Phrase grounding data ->

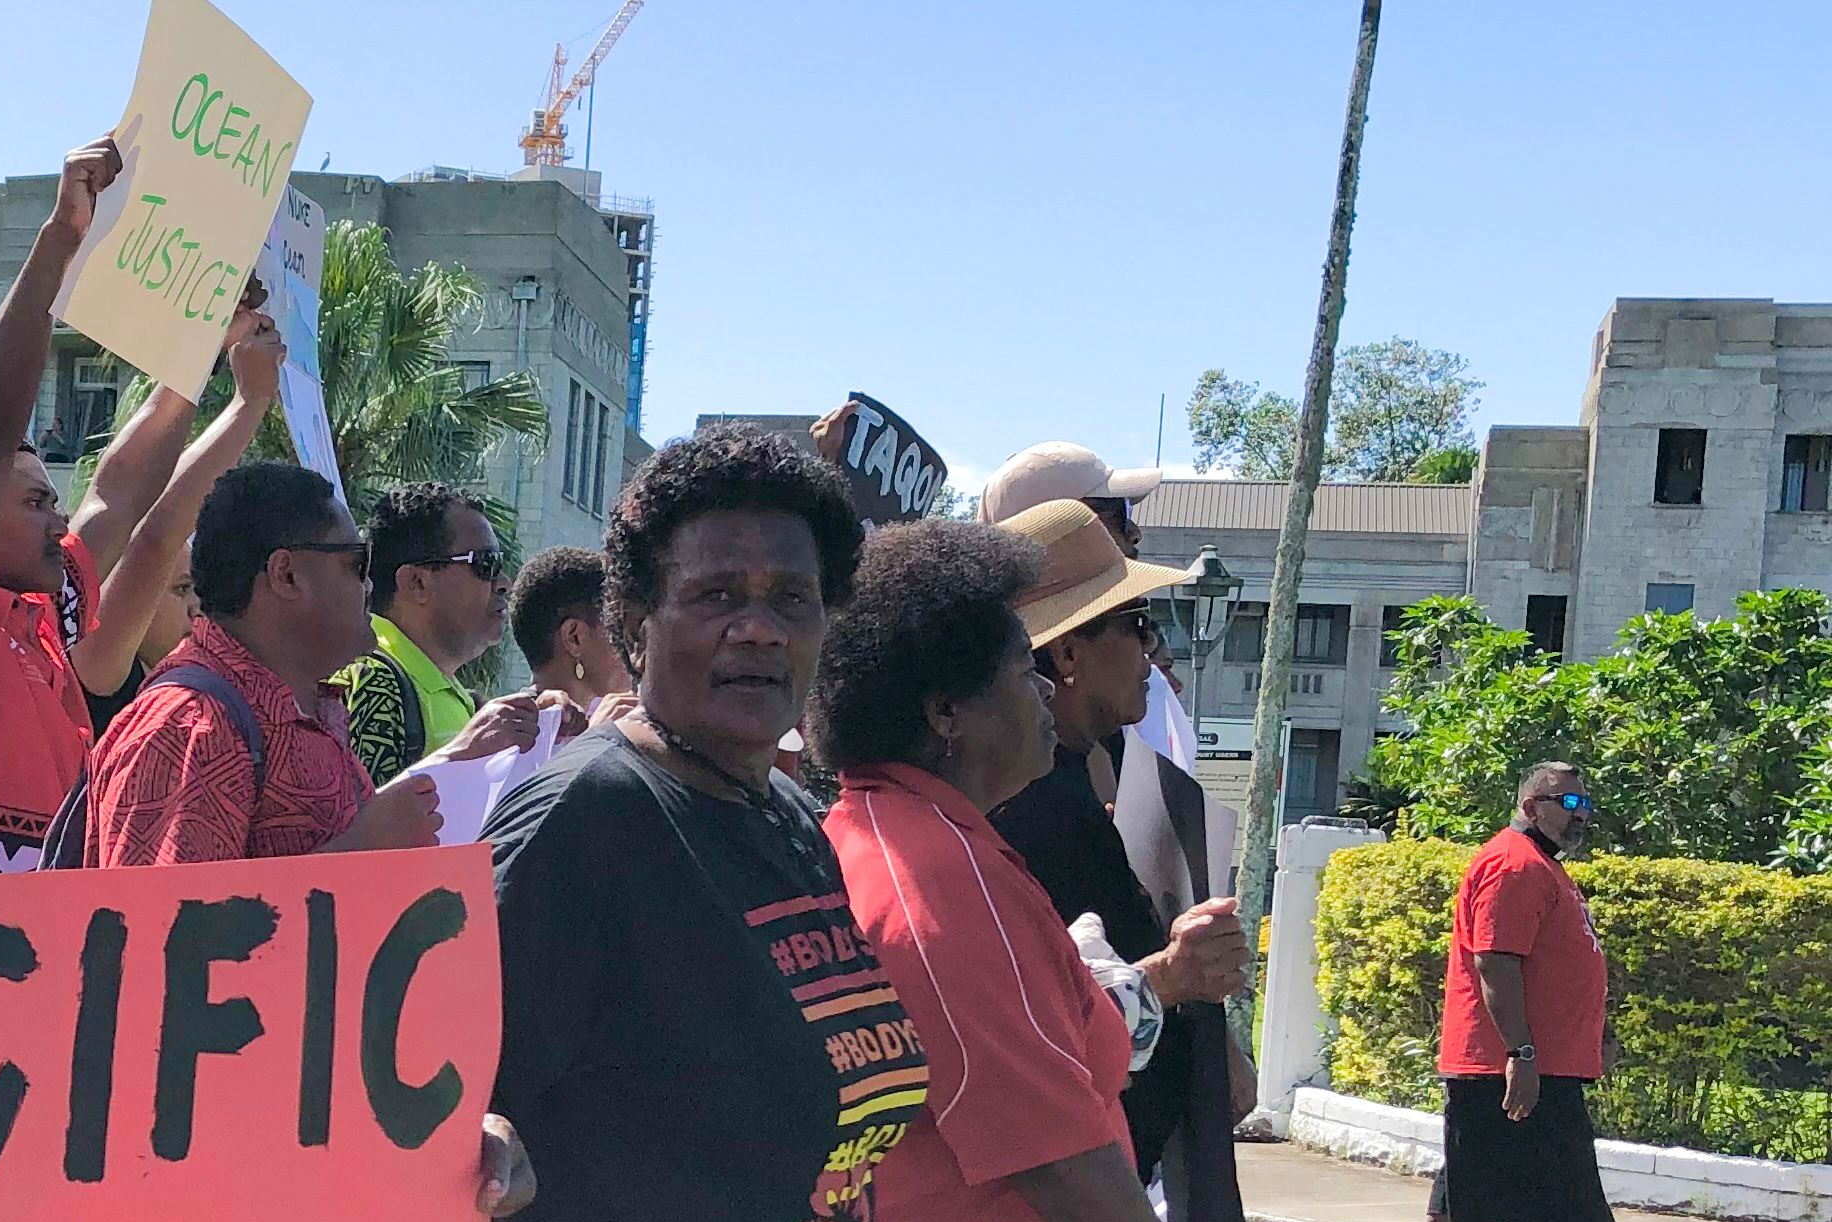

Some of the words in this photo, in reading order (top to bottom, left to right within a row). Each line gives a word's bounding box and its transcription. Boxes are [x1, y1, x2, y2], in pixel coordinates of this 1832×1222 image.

[171, 73, 293, 199] OCEAN
[117, 194, 251, 328] JUSTICE!
[846, 402, 943, 519] TAQO
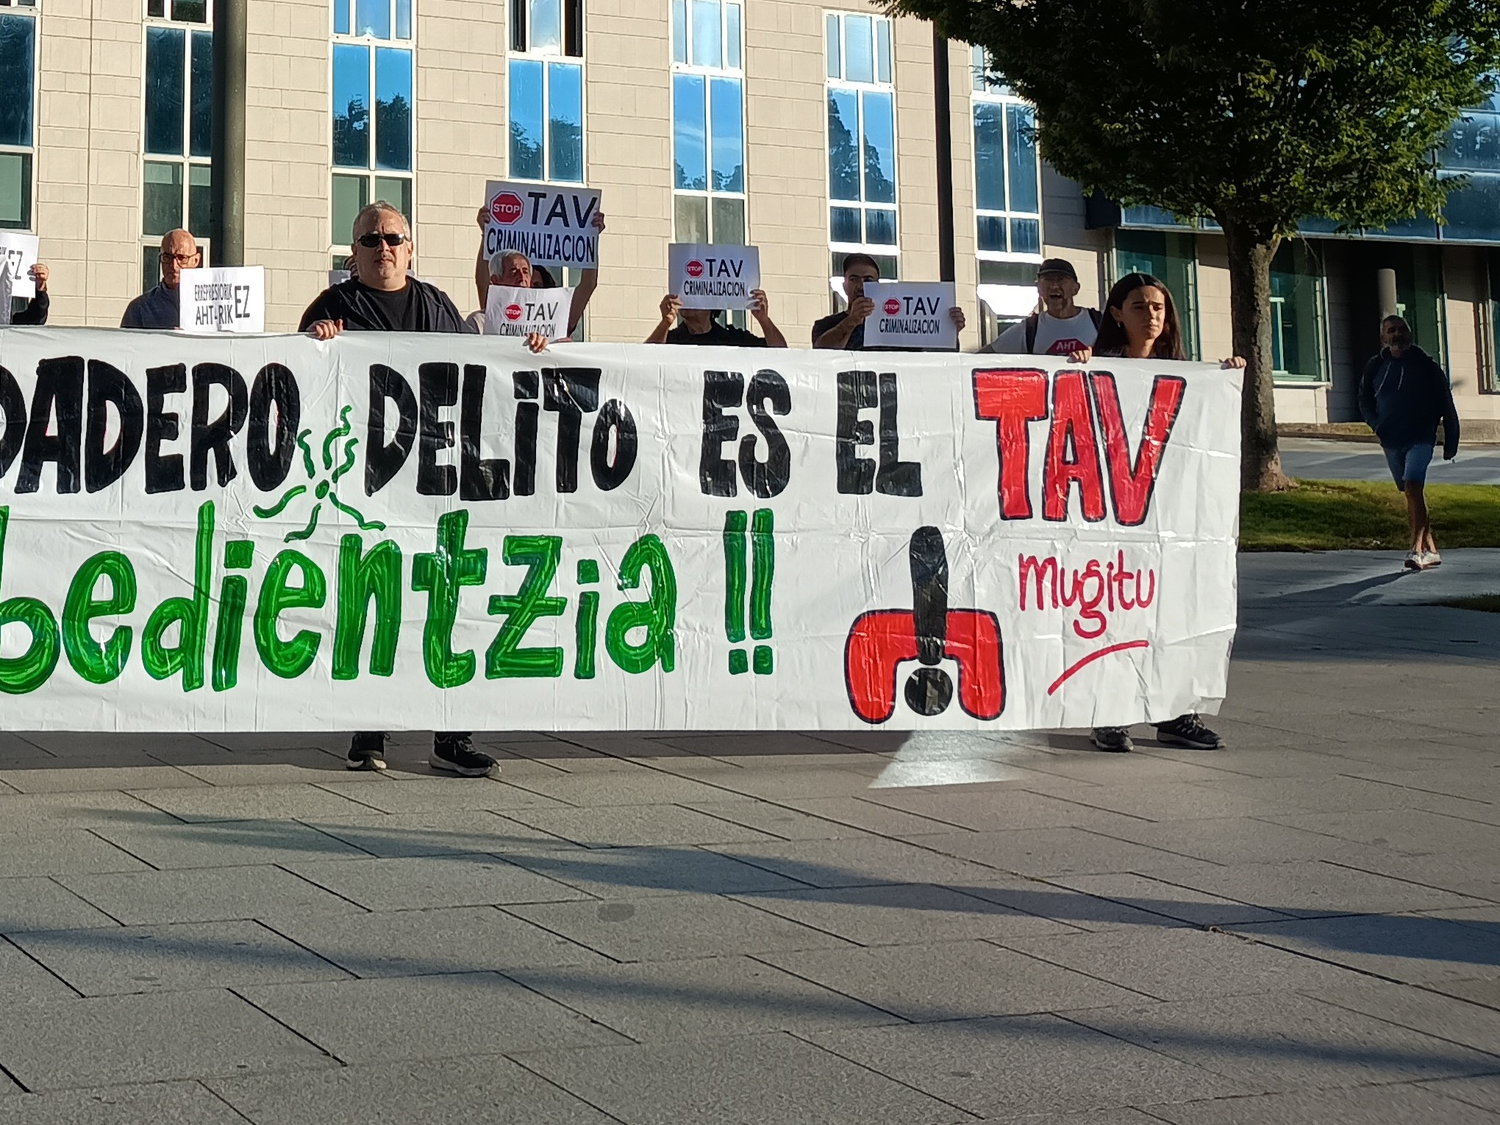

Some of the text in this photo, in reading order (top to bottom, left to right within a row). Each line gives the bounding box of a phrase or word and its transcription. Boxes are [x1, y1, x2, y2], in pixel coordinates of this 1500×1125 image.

[493, 192, 597, 228] STOP TAV
[486, 228, 595, 262] CRIMINALIZACION
[705, 259, 743, 277] TAV
[683, 280, 746, 297] CRIMINALIZACION
[234, 285, 251, 318] EZ
[525, 301, 559, 321] TAV
[902, 297, 940, 315] TAV
[195, 304, 234, 326] AHT-RIK
[879, 318, 940, 335] CRIMINALIZACION
[700, 368, 791, 498] ES
[836, 370, 922, 497] EL
[972, 368, 1187, 526] TAV

EXERCISE REQUIREMENTS -> Only the line that contains "Some of the text" and the lines after it, through the end of the data above, are to be repeated exactly.

SOLUTION TO THIS TASK ->
Some of the text in this photo, in reading order (top to bottom, left to right within a row). Each line gives the bounding box of a phrase or word and its transcription. Boxes are [x1, y1, x2, y2], in pixel coordinates of this 1500×1125 image.

[493, 192, 597, 228] STOP TAV
[486, 228, 595, 262] CRIMINALIZACION
[705, 259, 743, 277] TAV
[683, 280, 746, 297] CRIMINALIZACION
[234, 285, 251, 318] EZ
[525, 301, 559, 321] TAV
[902, 297, 940, 315] TAV
[195, 304, 234, 326] AHT-RIK
[879, 318, 940, 335] CRIMINALIZACION
[700, 368, 791, 498] ES
[836, 370, 922, 497] EL
[972, 368, 1187, 526] TAV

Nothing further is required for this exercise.